The Congress Review

A great cast gives it their all but are sampled one time too many by Ari Folman’s sci-fi monster.

the-congressScreened at the 40th Seattle International Film Festival, Ari Folman’s follow-up to his Oscar nominated “Waltz with Bashir” is an engaging live action-animation hybrid that runs a hard race but fails to make the big score. At 122 minutes, this thoroughly produced flick is a good 20 minutes too long. But which 20 minutes to take out? Anarchists will love the film as an unvarnished attack on the film industry status quo. “Film studios are no damn good.” Yes!
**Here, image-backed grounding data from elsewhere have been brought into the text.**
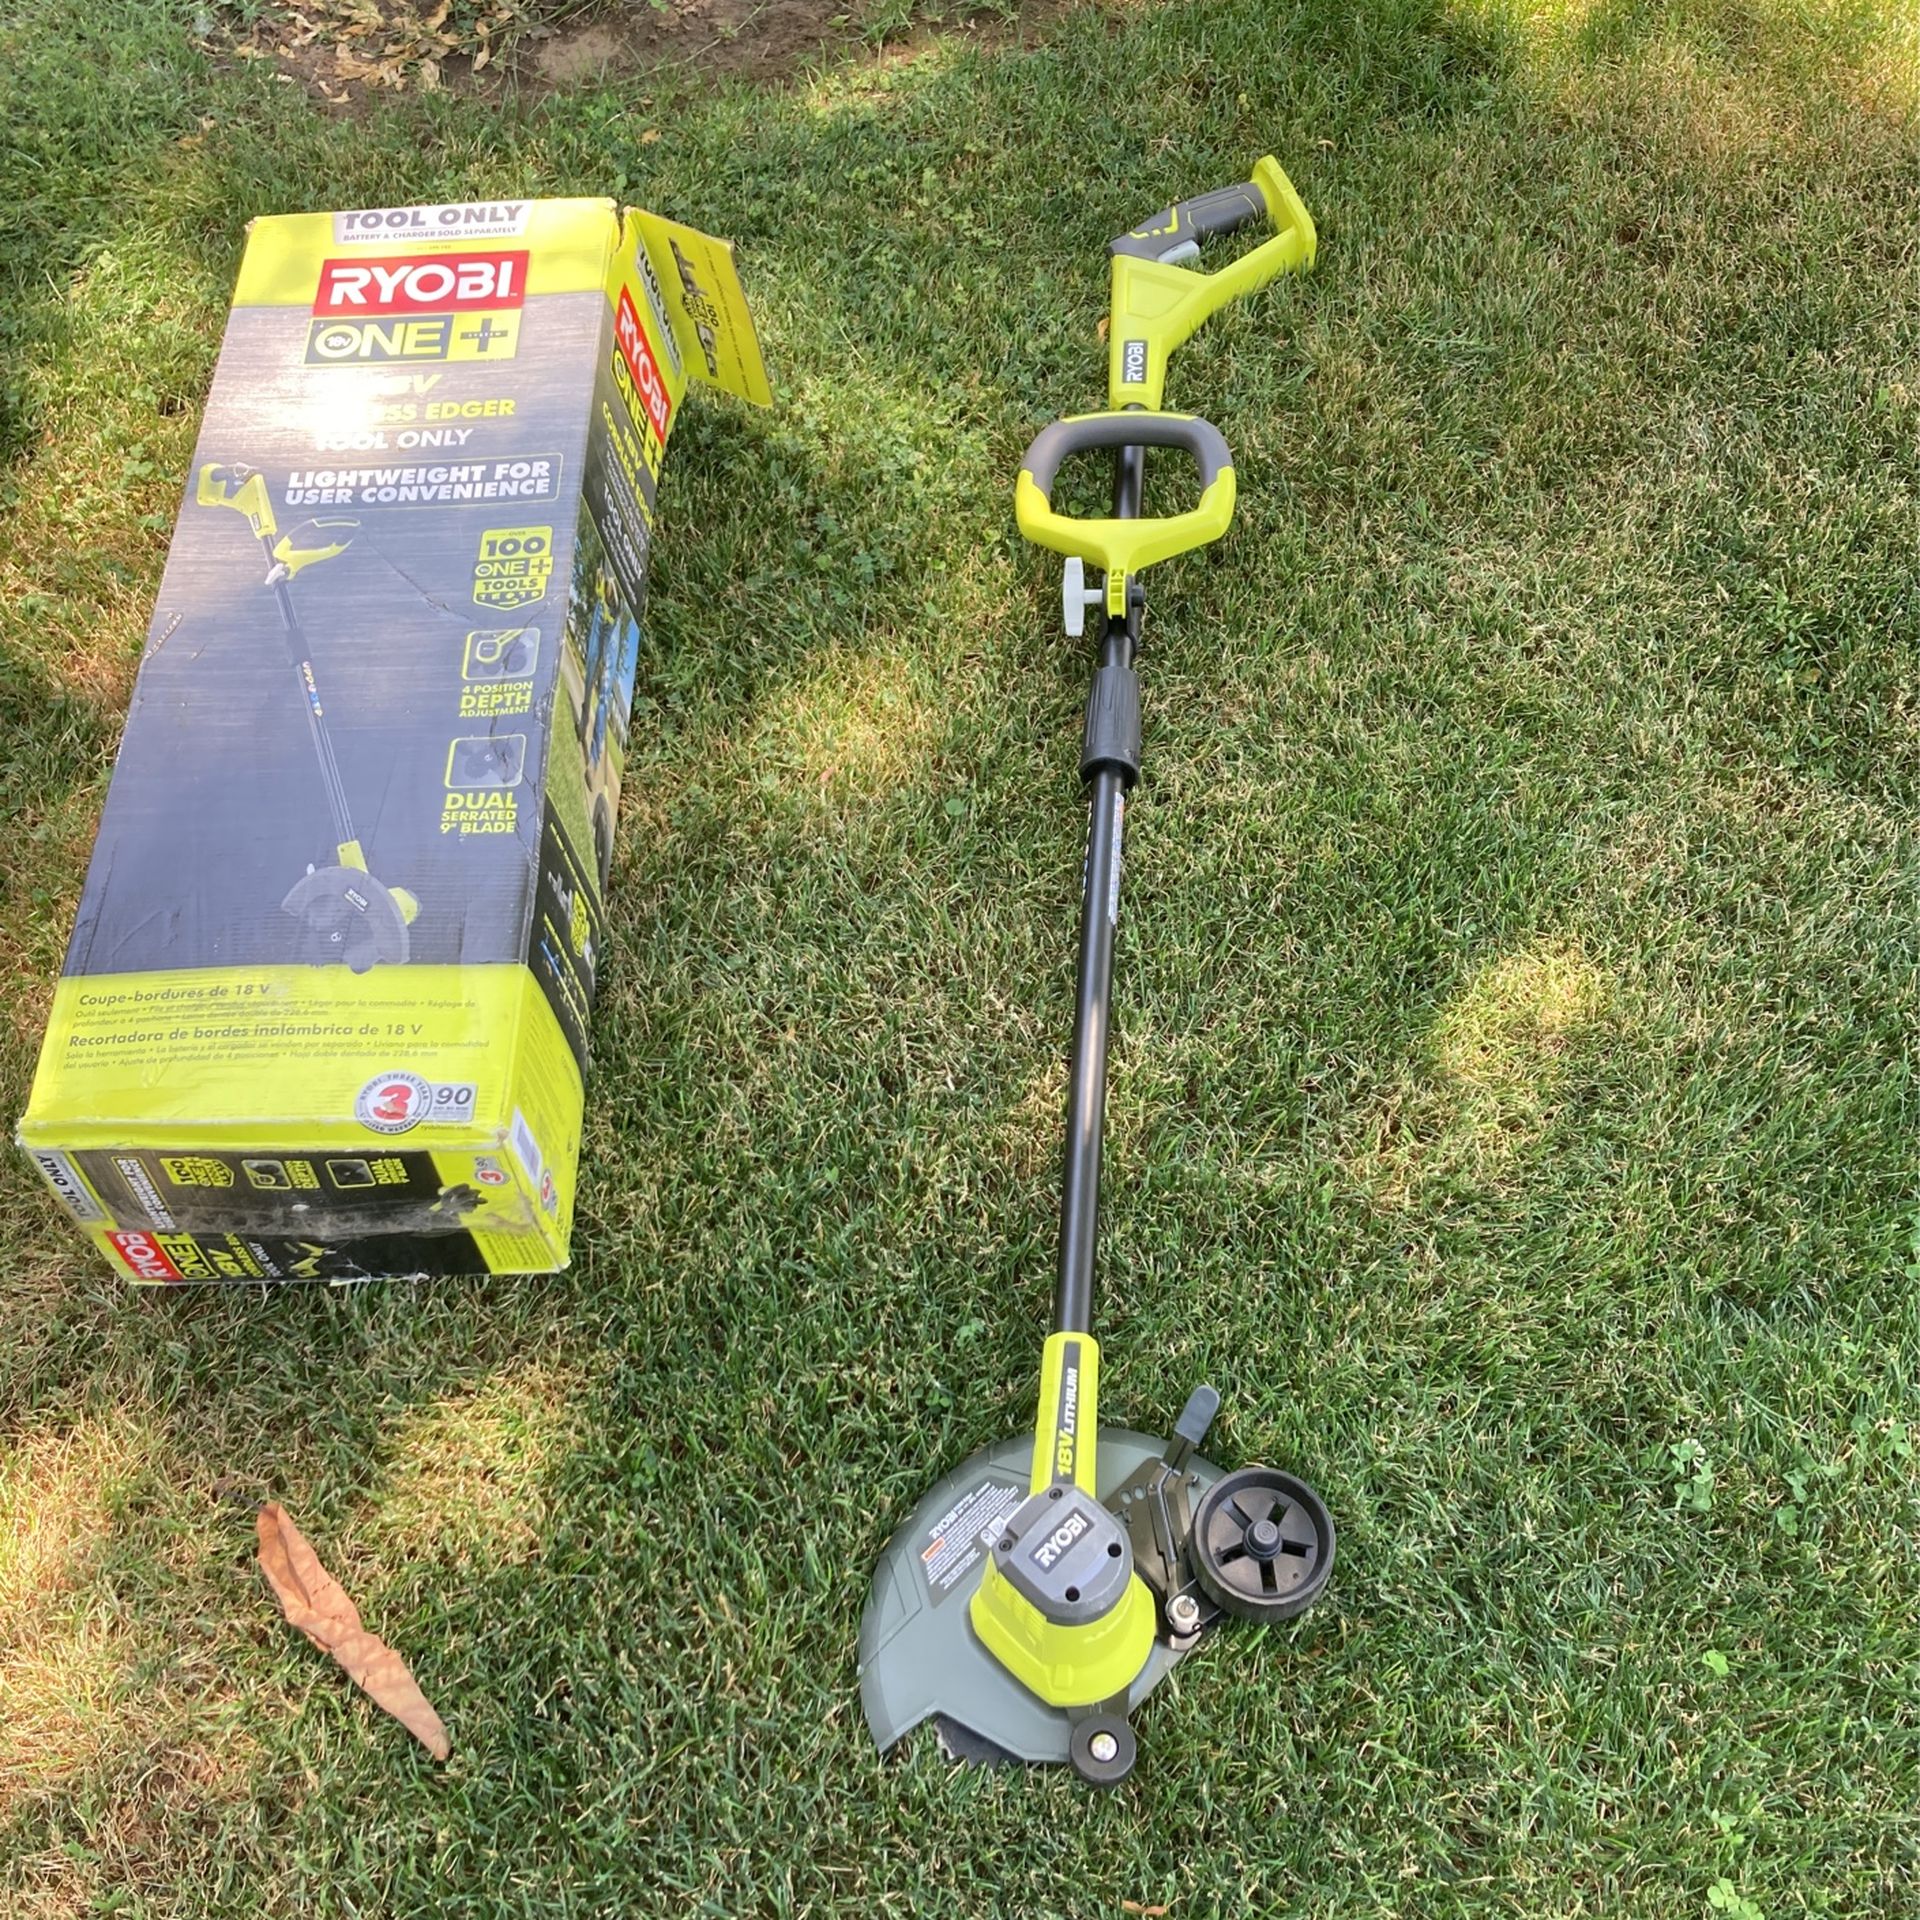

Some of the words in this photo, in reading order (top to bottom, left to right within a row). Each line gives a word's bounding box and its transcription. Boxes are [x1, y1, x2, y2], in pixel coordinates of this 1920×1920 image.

[345, 211, 426, 229] TOOL
[438, 205, 524, 224] ONLY
[343, 233, 381, 241] BATTERY
[393, 230, 436, 239] CHARGER
[437, 229, 462, 237] SOLD
[464, 226, 517, 235] SEPARATELY
[329, 261, 514, 305] RYOBI
[707, 303, 720, 328] 100
[620, 297, 669, 433] RYOBI
[1127, 342, 1144, 381] RYOBI
[425, 399, 516, 420] EDGER
[314, 431, 389, 451] TOOL
[397, 429, 474, 448] ONLY
[288, 465, 486, 489] LIGHTWEIGHT
[494, 461, 551, 480] FOR
[285, 489, 353, 505] USER
[361, 478, 550, 503] CONVENIENCE
[604, 482, 623, 537] TOOL
[487, 536, 545, 556] 100
[484, 577, 538, 590] TOOLS
[460, 690, 532, 709] DEPTH
[462, 685, 471, 694] 4
[474, 681, 533, 693] POSITION
[458, 705, 530, 718] ADJUSTMENT
[444, 792, 519, 810] DUAL
[441, 810, 517, 822] SERRATED
[460, 821, 516, 833] BLADE
[79, 988, 204, 1007] Coupe-bordures
[209, 985, 229, 997] de
[235, 984, 254, 996] 18
[259, 983, 271, 995] V
[69, 1031, 164, 1047] Recortadora
[169, 1027, 189, 1041] de
[194, 1025, 249, 1039] bordes
[254, 1023, 352, 1037] inalámbrica
[359, 1023, 380, 1036] de
[386, 1023, 405, 1036] 18
[411, 1023, 423, 1036] V
[372, 1084, 413, 1120] 3
[435, 1087, 473, 1105] 90
[37, 1155, 69, 1187] ONLY
[170, 1160, 193, 1183] 100
[370, 1160, 387, 1185] DUAL
[207, 1248, 247, 1277] 18V
[929, 1510, 959, 1539] RYOBI
[1034, 1512, 1089, 1568] RYOBI
Well, except that they make films like this, at least once in a while. Robin Wright and Harvey Keitel share lead duties as an aging film star and Al, her no-nonsense, pragmatic agent. Both are perfectly cast for their roles; perhaps too perfectly cast, as they seem to move through the film at about half speed. The screenplay is sci-fi throughout, and both Keitel and Wright have problems delivering long stretches of marginal psycho-babble and maintaining their established screen personas. Keitel is too dangerous to be high-tech and Wright is too sincere to be sci-fi.

At issue is the making of human computer models. In the case of Robin, the aging actress will be “sampled” in the same way as the sound musical instruments. Through the miracle of ever more powerful computers, the complexities of the human form are broken down into “exabits,” stored and used repeatedly in the future to make films. The performer lives forever. Or is it like they never lived at all? Producer Jeff (Danny Huston) offers sampling to Robin and Al as “the last contract offer she will ever have.” That sounds scary enough, but not nearly as scary as having one’s soul digitized and sold like chopped liver on the open market.
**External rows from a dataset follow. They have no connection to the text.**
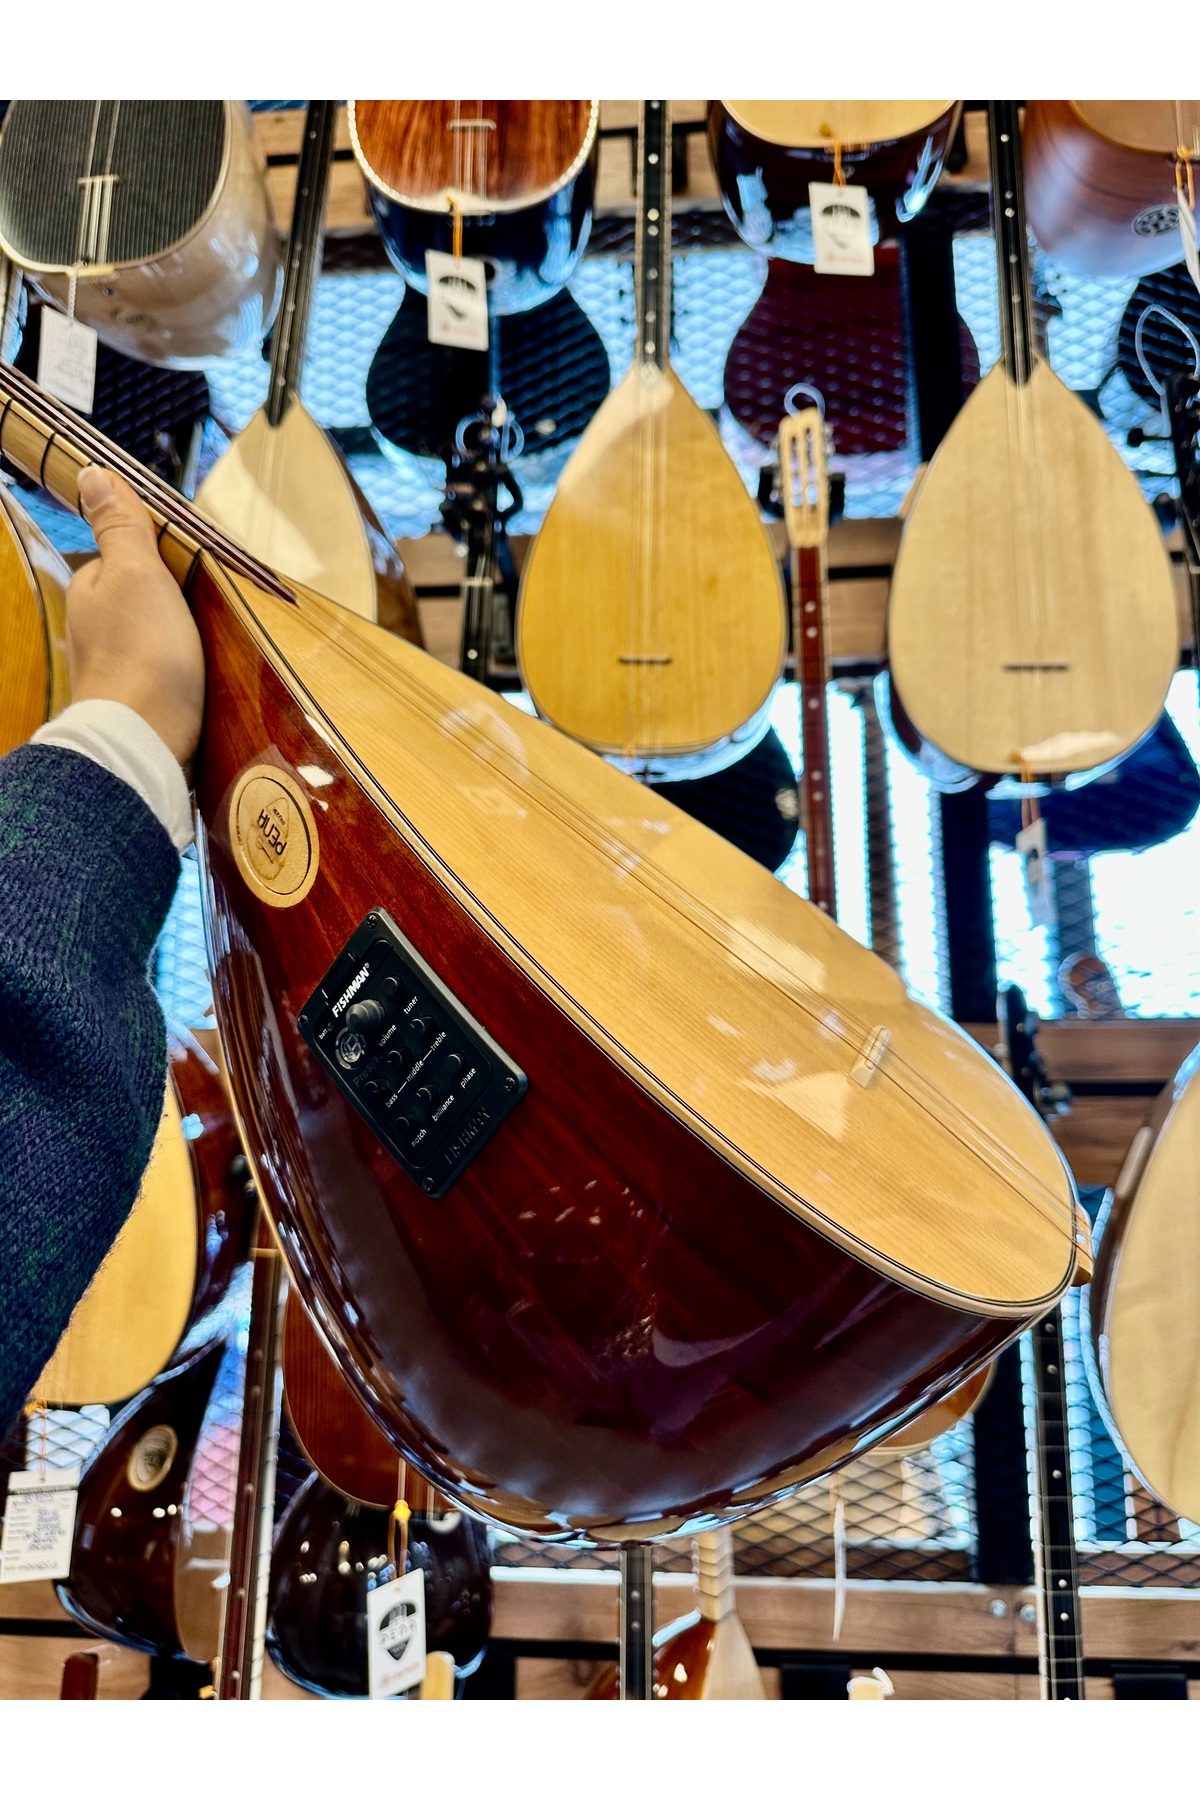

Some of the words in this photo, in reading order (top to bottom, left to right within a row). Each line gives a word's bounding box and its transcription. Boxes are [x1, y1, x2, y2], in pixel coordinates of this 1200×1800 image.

[257, 809, 287, 855] PENA
[378, 1024, 397, 1047] volume
[403, 995, 419, 1015] tuner
[385, 1093, 398, 1108] bass
[406, 1059, 425, 1082] middle
[430, 1030, 447, 1051] treble
[411, 1128, 427, 1147] notch
[432, 1094, 455, 1122] brilliance
[460, 1067, 476, 1089] phase
Perhaps, that always happens when a person enters show business. Or any business. But not to Robin, which explains why she lives in a trailer on the edge of an airport. High maintenance, this actress is not. The kernel of the film is to be true to oneself and not sell out, no matter what the price or the consequences. If you resist temptation, you will be able to fly around in those marvelous zeppelins.

Jeff is played perfectly by Huston, who is better able than the other two leads to summon up his tough guy past to match his character of the (hilariously) heartless producer at Miramount Studios. This film requires more than a little suspension of disbelief, and if there is a good dose of anti-establishment angst in the viewer that is also a big help. As the film shifts into animation mode at about the halfway point, Robin drives her Porsche to the Futurist Congress. Sniffing the magic vial she gives up reality to enter into the make-believe world of data recombination where anybody can be who, or what, they want to be.

It is during this frantic, spectacular and tedious run-around that she teams up with animator Dylan Truliner (voiced by Jon Hamm). Dylan becomes her companion in evading the bad guys, returning to the good guys and finding the Yellow Brick Road. Wait a minute, that’s a different film. Robin finds Dr. Barker (Paul Giamatti) who starts out diagnosing her son Aron’s mysterious hearing and sight loss and ends up explaining the difference between reinventing truth and disguising it. If you are still awake by this time you may leave the theatre with this gem of Hollywood truth firmly lodged between your ears.

Even with the low-tech animation this movie keeps us guessing about what will happen next and that is a good thing. The ongoing dialogue about how rich, successful actors have been taken advantage of by studios does not hold the magnetism of truth that it takes to get us all firmly behind the cause. During the animated last half of the film, Tom Cruise shows up as a perfectly caricatured Evan Ferrante. Producer Jeff refers to him as “what’s his name.” We think there is a joke there but we are not sure what it is.

About three quarters of the way through the movie, Miramount Studios morphs into Miramount-Nagasaki Labs which has developed a drinkable compound (makes a great milk shake) that allows us to forget everything bad and live a life of blissful ignorance. Like green tea, or whiskey. Dozing off is a bad idea at this point because things happen fast and it is important to appreciate that these labs are concerned with selling films, or something, and not with curing the diseases of the children of the world. Or did you already know that?

All in all, a tough bargain for no better reason than to just stay young. But the helicopters, zeppelins and belching machine rooms made it worth it, at least for this participant.